Synthesis and characterization

Ligands L1–L3 were synthesized from one-pot CuAAC reactions. The Cu(I) complexes 1–3 were prepared by the reaction of the corresponding ligand (L1–L3) and CuI in CH₃CN solvent. The bulk powder samples of 1–3A were collected from filtration under vacuum and washed sequentially with CH₃CN, ethanol and diethyl ether. The crystal and powder samples of complexes 1–3A were measured and confirmed by single-crystal and powder XRD characterization and microanalyses. All complexes 1–3A are thermally stable below 220 °C in air.

Crystal structures

Ligand L1 coordinates to the stair-step [Cu₄I₄] cluster in 1 using a bidentate/monodentate binding mode of the pyridyl–triazole moiety with the S atom remaining unbound. Ligands L2 and L3 exhibit the more common NS mode of bidentate/monodentate (for N) and monodentate (for S) coordination in complexes 2 and 3 (3A and 3B). Both complexes 2 and 3A are stair-step [Cu₆I₆] cluster structures, while 3B is a stair-step [Cu₈I₈] cluster. Complexes 1–3 crystallize in the triclinic crystal system with a space group of P1̄. All of the Cu(I) centers in complexes 1–3 are four-coordinate tetrahedral. The [Cu_nI_n] (n = 4, 6 and 8) stair-stepped core structures are supported by two ligands in 1–3B and by additional coordinating CH₃CN molecules in 3B.

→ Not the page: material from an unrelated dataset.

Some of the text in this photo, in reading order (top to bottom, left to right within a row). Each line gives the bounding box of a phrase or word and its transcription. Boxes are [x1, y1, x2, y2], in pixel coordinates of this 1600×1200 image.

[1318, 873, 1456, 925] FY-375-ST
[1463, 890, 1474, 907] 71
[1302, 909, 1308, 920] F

The asymmetric unit of complex 1 contains two crystallographically independent Cu(I) centers, two I⁻ and one L1 ligand. The Cu1 is coordinated by two N donors from the pyridyl–triazole moiety of ligand L1, one μ₂-I and one μ₃-I bridges, giving a [CuN₂I₂] environment (Fig. 1). The Cu2 is coordinated by the 3′-N_Tri donor of ligand L1, one μ₂-I and two μ₃-I bridges, forming a [CuNI₃] environment. The geometry index³⁵τ4 for Cu1 and Cu2 is 0.80 and 0.84, respectively, which indicates the distortion of the tetrahedron. The Cu1⋯Cu2 and Cu2⋯Cu2 distances are 2.62 and 2.78 Å, respectively. The shortest intermolecular Cu⋯Cu distance is 6.2 Å in 1.

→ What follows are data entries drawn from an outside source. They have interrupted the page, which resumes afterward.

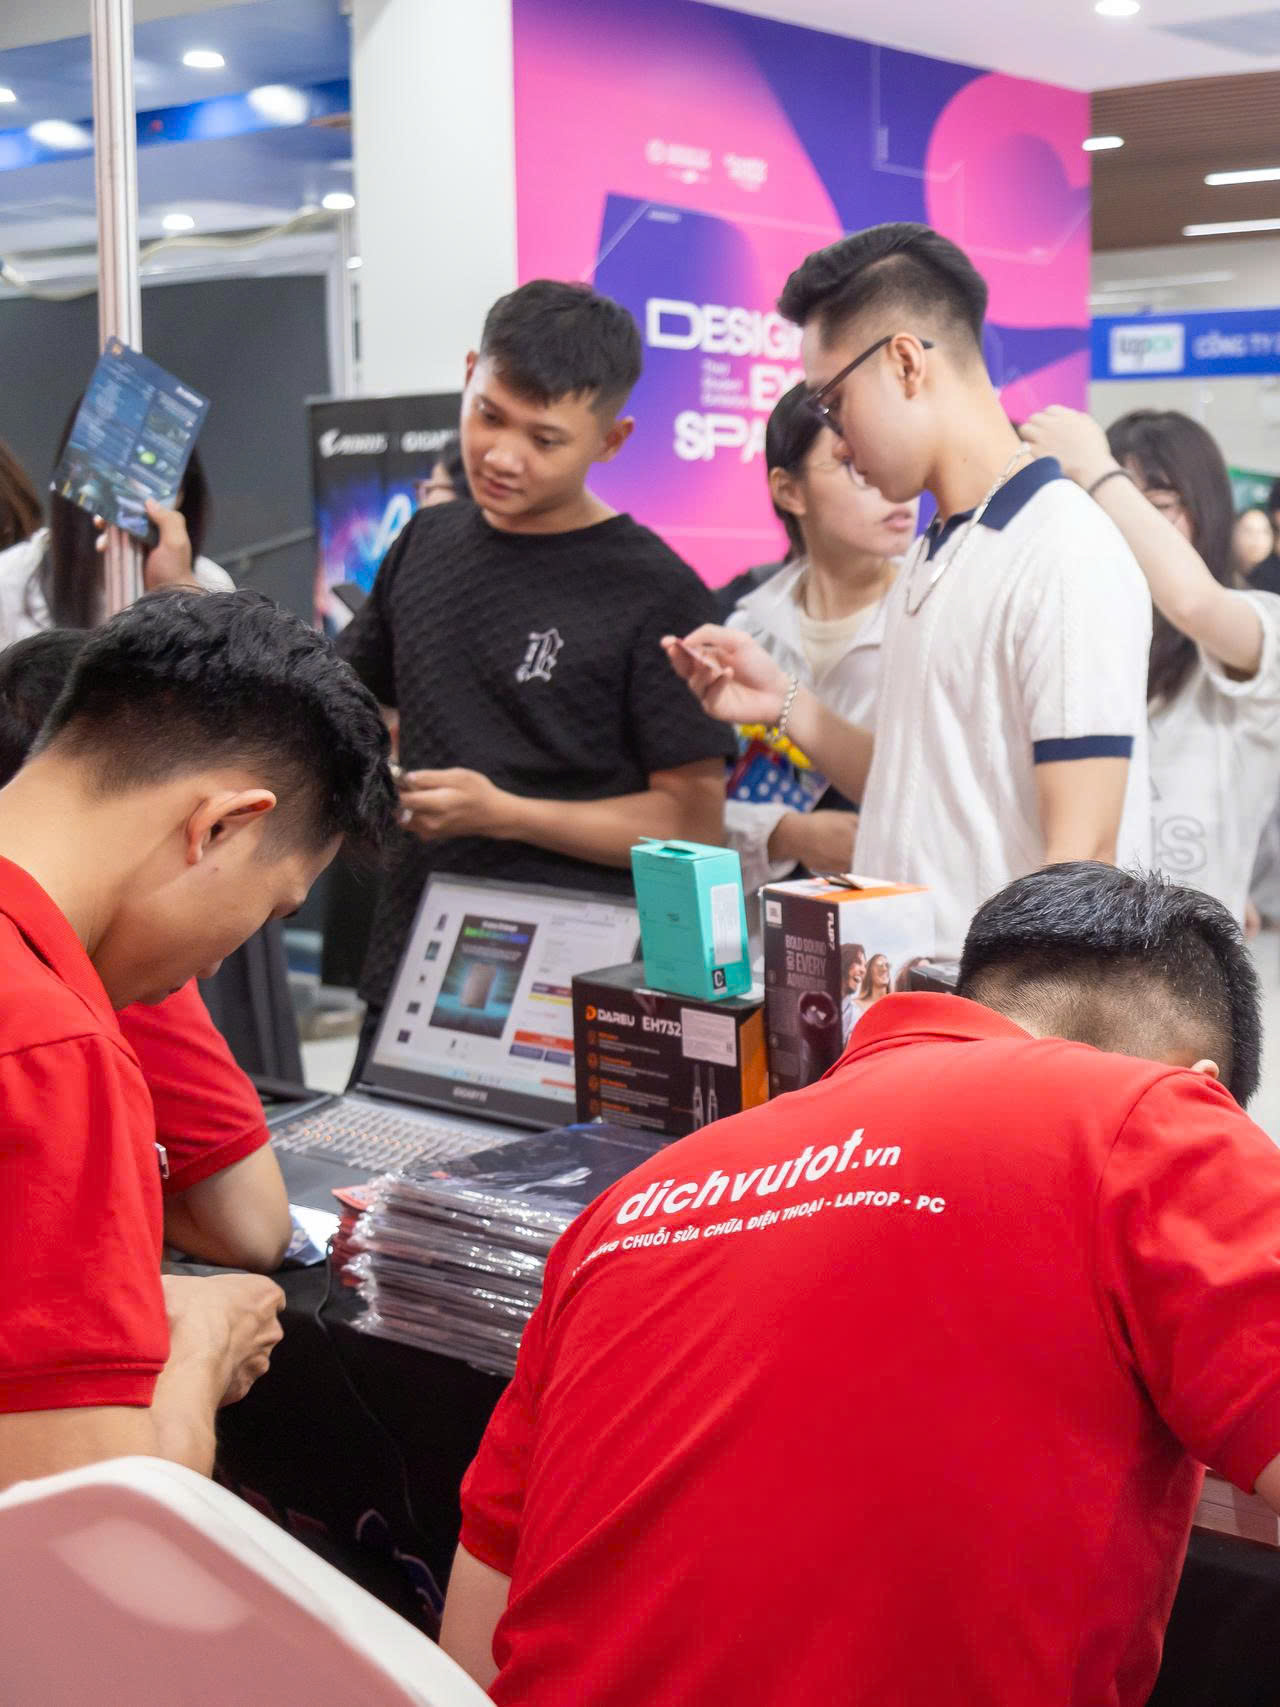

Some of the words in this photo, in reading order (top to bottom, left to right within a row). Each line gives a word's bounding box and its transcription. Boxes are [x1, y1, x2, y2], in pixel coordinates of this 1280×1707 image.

[598, 1008, 635, 1027] DAREU
[642, 1016, 682, 1036] EH732
[615, 1128, 901, 1225] dichvutot.vn
[622, 1226, 671, 1250] CHUỖI
[672, 1224, 699, 1244] SỬA
[703, 1218, 744, 1238] CHỮA
[747, 1211, 778, 1231] ĐIỆN
[781, 1197, 825, 1219] THOẠI
[834, 1191, 900, 1208] LAPTOP
[916, 1195, 946, 1214] PC

Fig. 1 Molecular structure of 1.

The asymmetric unit of 2 contains three crystallographically independent Cu(I) centers, three I⁻ ions and one ligand L2. The Cu1 is coordinated by two N donors from the pyridyl–triazole moiety of ligand L2, one μ₂-I and one μ₃-I bridges, giving a [CuN₂I₂] environment (Fig. 2). The Cu2 is coordinated by one S donor from another ligand L2, one μ₂-I and two μ₃-I bridges, forming a [CuSI₃] environment. The Cu3 is coordinated by one 3′-N_Tri atom of ligand L2 and three μ₃-I bridges, forming a [CuNI₃] environment. The tetrahedral geometry index³⁵τ4 for Cu1, Cu2 and Cu3 is 0.82, 0.90 and 0.89, respectively. The Cu1⋯Cu2, Cu2⋯Cu3 and Cu3⋯Cu3 distances are 2.65, 3.08 and 2.64 Å, respectively. The shortest intermolecular Cu⋯Cu distance is 7.0 Å in 2.

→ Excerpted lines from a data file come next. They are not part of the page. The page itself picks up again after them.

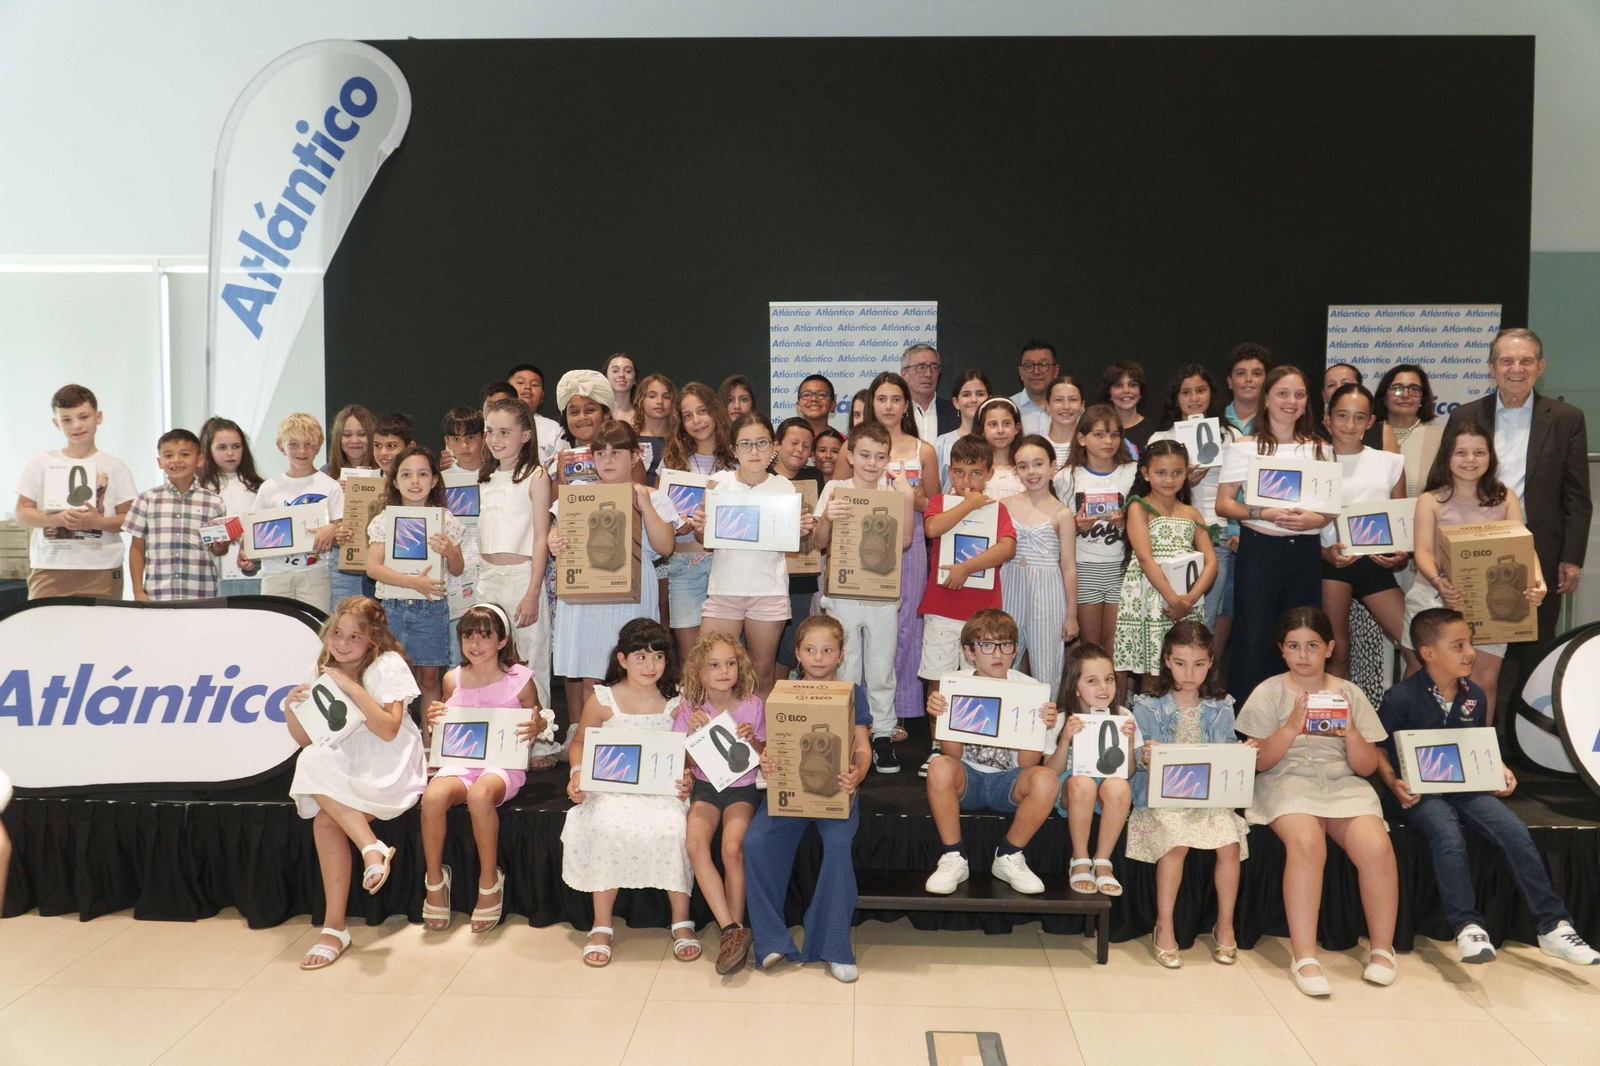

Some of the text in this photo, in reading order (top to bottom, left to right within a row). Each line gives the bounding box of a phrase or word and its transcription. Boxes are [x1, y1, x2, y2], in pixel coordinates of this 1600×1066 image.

[221, 76, 378, 340] Atlántico
[772, 308, 810, 316] Atlántico
[816, 308, 854, 316] Atlántico
[903, 308, 937, 316] Atlántic
[772, 339, 810, 347] Atlántico
[773, 370, 811, 378] Atlántico
[0, 664, 298, 726] Atlántico
[690, 736, 706, 748] SONY

Fig. 2 Molecular structure of 2.

The asymmetric unit of 3A contains three crystallographically independent Cu(I) centers, three I⁻ and one L3 ligand. The Cu1 is coordinated by two N donors from the quinolyl–triazole moiety, one μ₂-I and one μ₃-I bridges, giving a [CuN₂I₂] environment (Fig. 3). The Cu2 is coordinated by one S donor from another ligand L3, one μ₂-I and two μ₃-I bridges, forming a [CuSI₃] environment. The Cu3 is coordinated by one 3′-N_Tri donor of ligand L3 and three μ₃-I bridges, forming a [CuNI₃] environment. The tetrahedral geometry index³⁵τ4 for Cu1, Cu2 and Cu3 is 0.81, 0.88 and 0.92, respectively. The Cu1⋯Cu2, Cu2⋯Cu3 and Cu3⋯Cu3 distances are 2.72, 2.93 and 2.77 Å, respectively. The shortest intermolecular Cu⋯Cu distance is 6.9 Å in 3A.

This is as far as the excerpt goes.